[[ THE DATA, beginning ]]
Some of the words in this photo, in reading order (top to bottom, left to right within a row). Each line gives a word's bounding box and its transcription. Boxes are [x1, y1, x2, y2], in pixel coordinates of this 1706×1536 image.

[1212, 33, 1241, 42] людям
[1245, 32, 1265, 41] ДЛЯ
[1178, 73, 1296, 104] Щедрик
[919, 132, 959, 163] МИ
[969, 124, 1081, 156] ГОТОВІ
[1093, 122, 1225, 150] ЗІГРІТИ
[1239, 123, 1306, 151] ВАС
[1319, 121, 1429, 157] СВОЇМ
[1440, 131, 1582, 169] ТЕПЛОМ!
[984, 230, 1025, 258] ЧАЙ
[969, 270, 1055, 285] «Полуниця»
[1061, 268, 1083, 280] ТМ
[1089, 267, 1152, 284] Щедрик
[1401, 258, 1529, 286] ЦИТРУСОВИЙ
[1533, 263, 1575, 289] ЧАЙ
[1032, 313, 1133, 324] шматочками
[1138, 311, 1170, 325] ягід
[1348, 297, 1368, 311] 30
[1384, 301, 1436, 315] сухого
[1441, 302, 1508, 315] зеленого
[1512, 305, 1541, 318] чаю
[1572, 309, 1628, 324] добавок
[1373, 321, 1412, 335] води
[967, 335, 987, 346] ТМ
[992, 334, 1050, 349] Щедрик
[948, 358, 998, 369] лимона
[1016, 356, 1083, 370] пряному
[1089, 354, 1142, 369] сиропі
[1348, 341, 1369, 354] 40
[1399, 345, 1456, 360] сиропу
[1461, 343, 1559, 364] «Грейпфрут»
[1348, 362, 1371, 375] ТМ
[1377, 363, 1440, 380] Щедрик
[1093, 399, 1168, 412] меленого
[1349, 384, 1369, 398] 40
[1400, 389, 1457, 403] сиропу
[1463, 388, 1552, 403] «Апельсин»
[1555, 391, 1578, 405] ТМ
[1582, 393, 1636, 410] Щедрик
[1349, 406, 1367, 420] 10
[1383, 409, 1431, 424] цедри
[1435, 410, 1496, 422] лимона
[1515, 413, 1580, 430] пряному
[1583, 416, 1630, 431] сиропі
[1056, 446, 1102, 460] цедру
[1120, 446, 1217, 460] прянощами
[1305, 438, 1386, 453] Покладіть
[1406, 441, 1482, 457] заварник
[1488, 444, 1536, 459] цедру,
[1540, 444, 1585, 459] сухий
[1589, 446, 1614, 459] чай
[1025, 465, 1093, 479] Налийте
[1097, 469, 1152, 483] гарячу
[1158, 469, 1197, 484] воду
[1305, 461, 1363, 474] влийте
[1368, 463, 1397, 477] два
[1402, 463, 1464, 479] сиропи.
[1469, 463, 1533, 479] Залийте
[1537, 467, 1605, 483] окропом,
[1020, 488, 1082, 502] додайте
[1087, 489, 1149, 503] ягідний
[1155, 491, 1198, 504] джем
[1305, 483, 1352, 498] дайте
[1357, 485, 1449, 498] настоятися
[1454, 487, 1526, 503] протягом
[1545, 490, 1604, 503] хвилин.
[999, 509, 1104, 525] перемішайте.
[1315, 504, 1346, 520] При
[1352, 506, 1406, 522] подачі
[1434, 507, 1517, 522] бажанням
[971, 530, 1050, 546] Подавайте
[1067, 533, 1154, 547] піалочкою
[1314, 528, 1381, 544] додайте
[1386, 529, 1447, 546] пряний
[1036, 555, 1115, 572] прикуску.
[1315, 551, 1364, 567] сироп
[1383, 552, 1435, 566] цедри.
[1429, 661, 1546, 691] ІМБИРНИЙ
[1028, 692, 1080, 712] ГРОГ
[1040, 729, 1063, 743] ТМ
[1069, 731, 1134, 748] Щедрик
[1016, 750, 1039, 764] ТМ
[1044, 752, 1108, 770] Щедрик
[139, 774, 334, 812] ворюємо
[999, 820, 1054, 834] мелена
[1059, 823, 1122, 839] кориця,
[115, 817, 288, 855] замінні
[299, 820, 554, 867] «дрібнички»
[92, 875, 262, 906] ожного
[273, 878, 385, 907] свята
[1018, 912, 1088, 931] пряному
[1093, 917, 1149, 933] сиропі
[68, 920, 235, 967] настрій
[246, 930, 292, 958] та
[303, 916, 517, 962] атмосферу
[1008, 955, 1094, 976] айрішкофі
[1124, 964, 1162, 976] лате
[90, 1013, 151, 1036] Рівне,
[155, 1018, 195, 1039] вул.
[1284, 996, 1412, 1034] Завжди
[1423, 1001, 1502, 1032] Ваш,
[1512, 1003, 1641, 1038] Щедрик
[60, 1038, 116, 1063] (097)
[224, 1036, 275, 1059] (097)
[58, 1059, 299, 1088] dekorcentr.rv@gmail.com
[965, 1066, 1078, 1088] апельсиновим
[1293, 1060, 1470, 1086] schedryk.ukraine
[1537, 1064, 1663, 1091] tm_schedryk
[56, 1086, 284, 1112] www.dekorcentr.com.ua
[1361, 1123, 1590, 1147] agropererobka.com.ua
[[ THE DATA, end ]]
INSTRUCTIONS FOR THE TASK: Using the material above, count how many lines include the word "сиропі" and answer with only that figure.

SOLUTION: 3